=== TASK TO COMPLETE ===
Set down all of the entries word for word, omitting the images they contain.
------------------------------
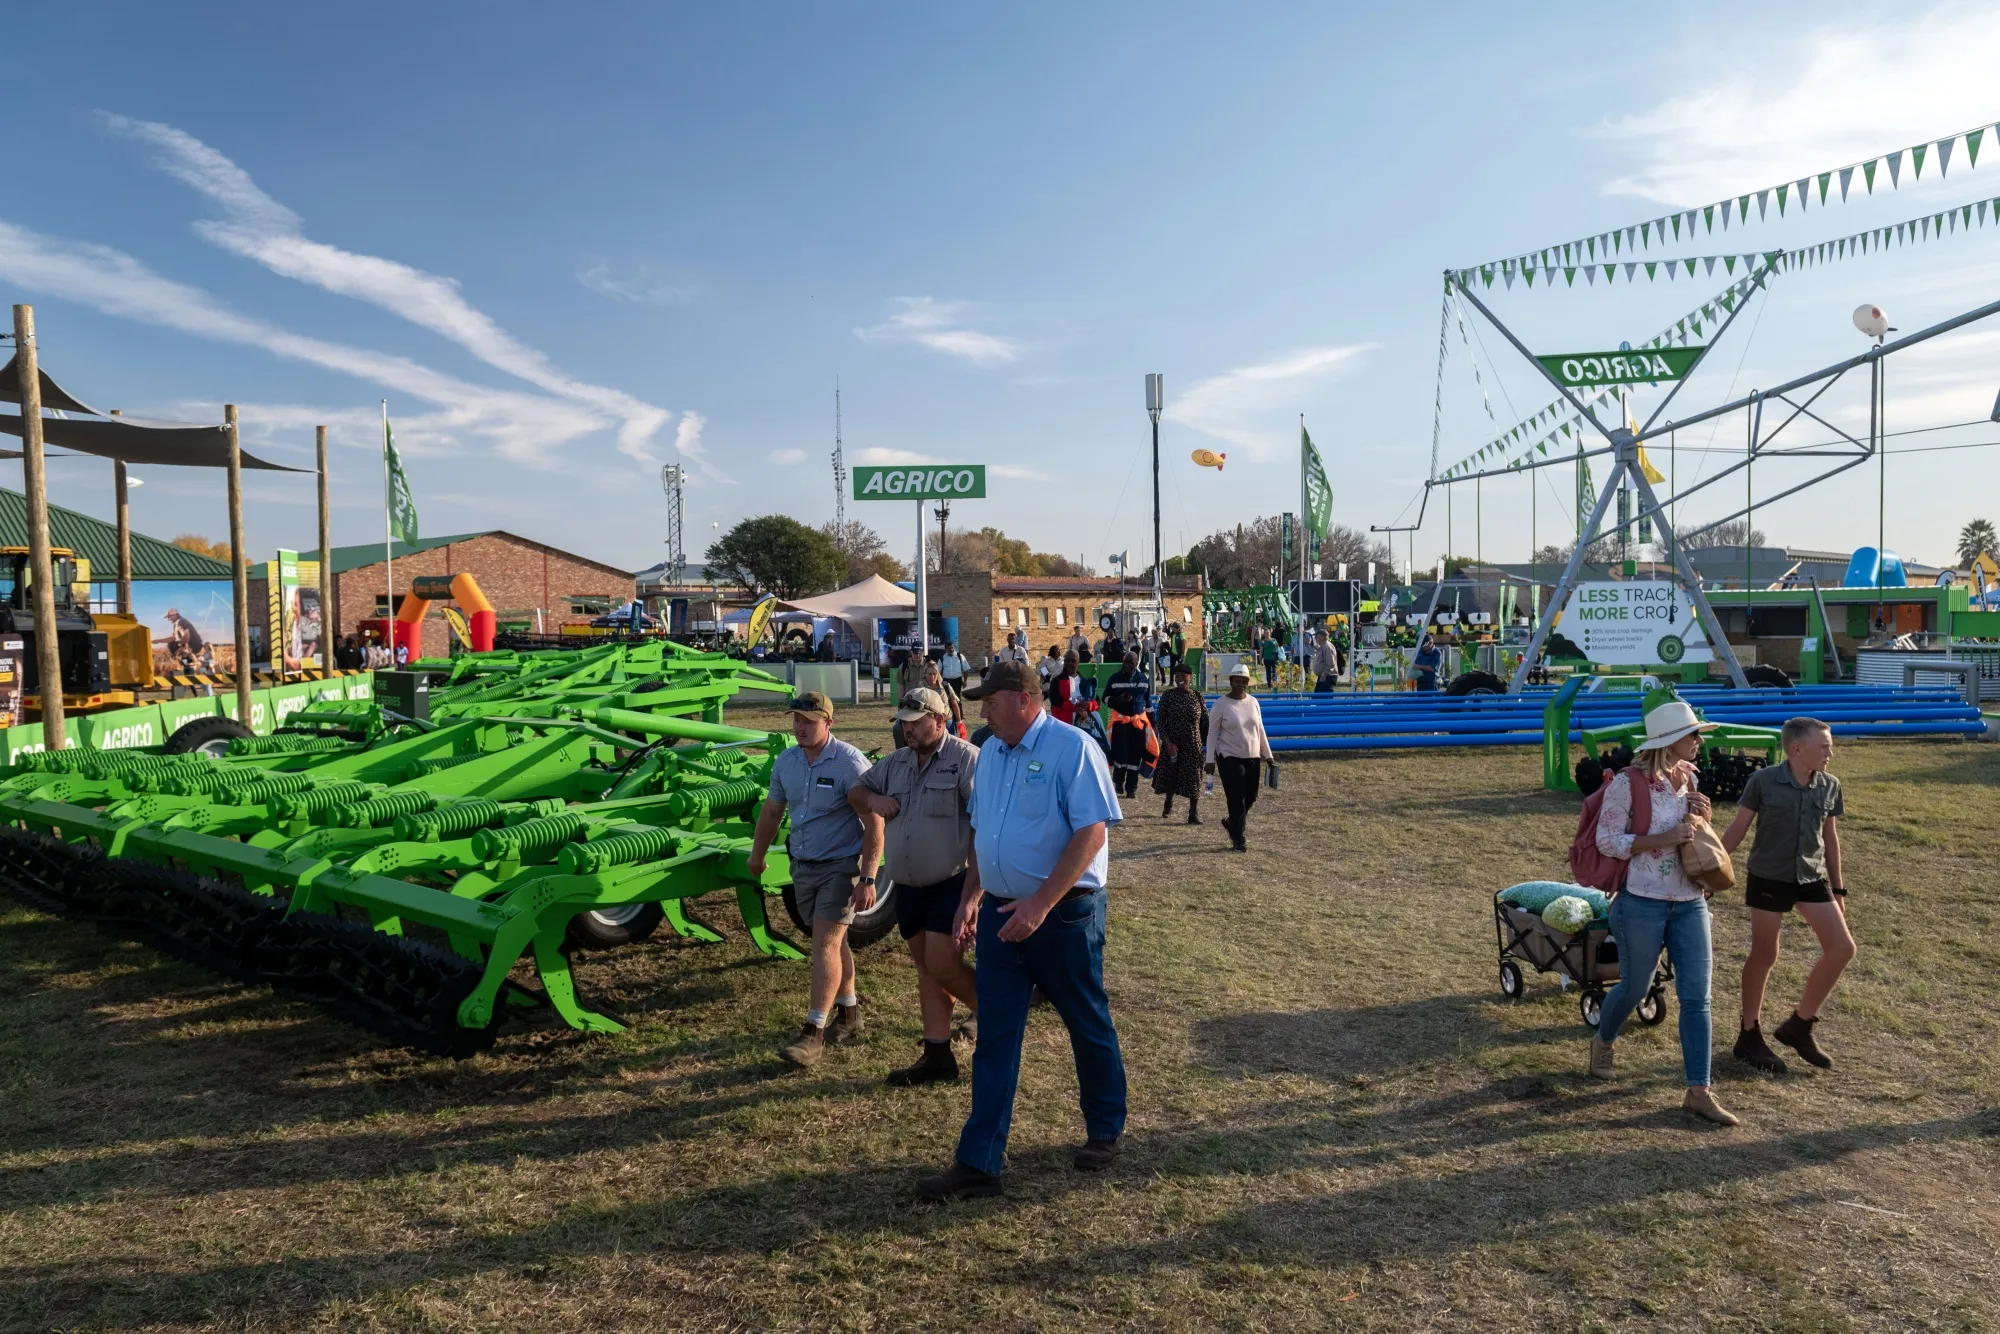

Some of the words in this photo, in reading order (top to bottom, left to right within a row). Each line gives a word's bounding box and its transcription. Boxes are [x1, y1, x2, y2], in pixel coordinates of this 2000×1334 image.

[862, 469, 975, 494] AGRICO
[1305, 441, 1324, 515] GRIC
[1579, 589, 1619, 603] LESS
[1624, 588, 1676, 602] TRACK
[1579, 606, 1629, 620] MORE
[1633, 605, 1679, 619] CROP
[231, 703, 264, 726] ACO
[276, 695, 307, 720] AGRICO
[102, 722, 153, 750] AGRICO
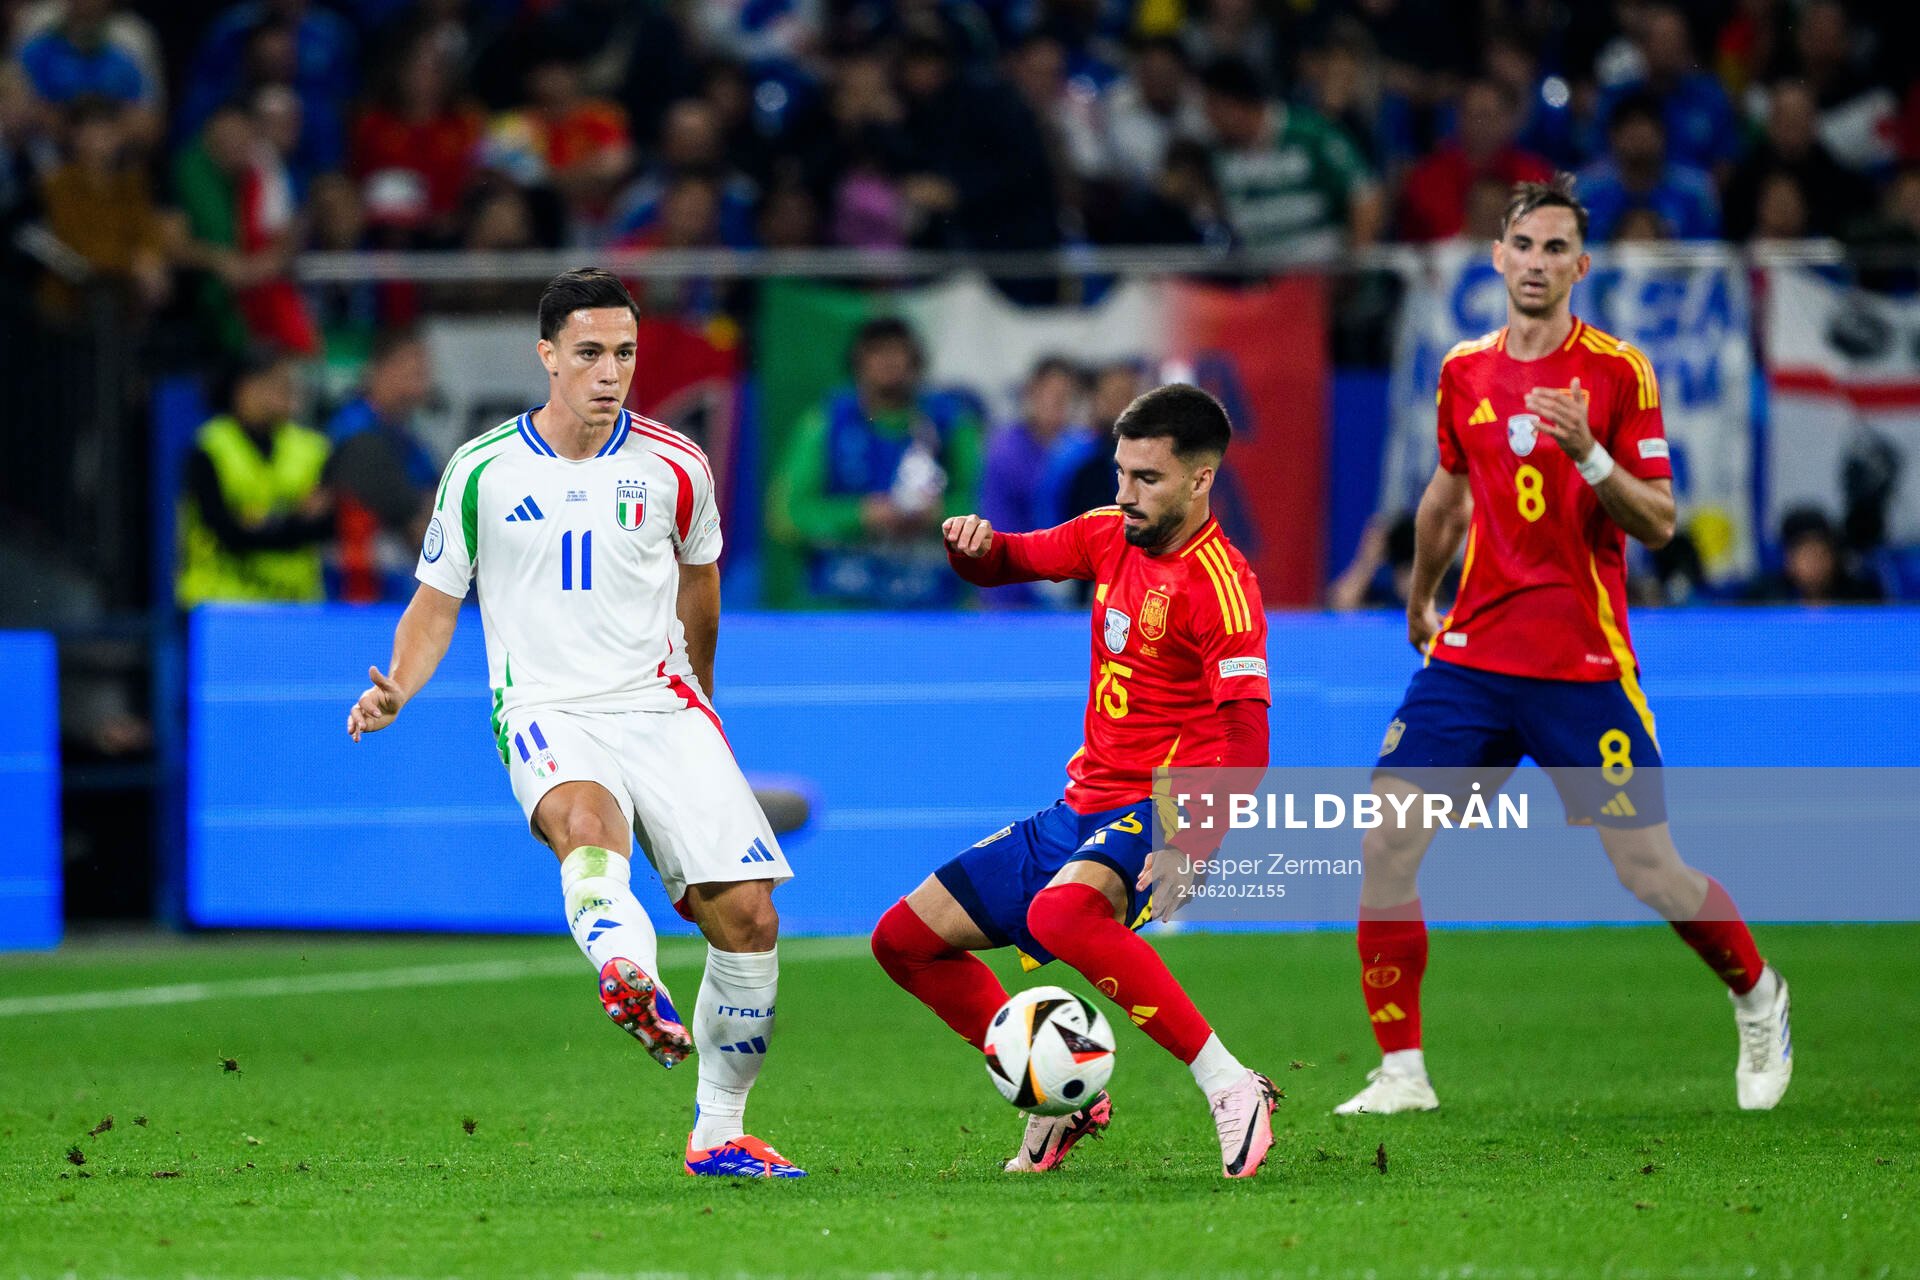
------------------------------
=== ANSWER SPACE ===
Some of the words in this photo, in reading order (top to bottom, left to right within a row). Each line gives a word's bounding box and its transcription. Boxes are [x1, y1, x2, y2], in pixel coordinates of this 2000×1334 image.

[862, 469, 975, 494] AGRICO
[1305, 441, 1324, 515] GRIC
[1579, 589, 1619, 603] LESS
[1624, 588, 1676, 602] TRACK
[1579, 606, 1629, 620] MORE
[1633, 605, 1679, 619] CROP
[231, 703, 264, 726] ACO
[276, 695, 307, 720] AGRICO
[102, 722, 153, 750] AGRICO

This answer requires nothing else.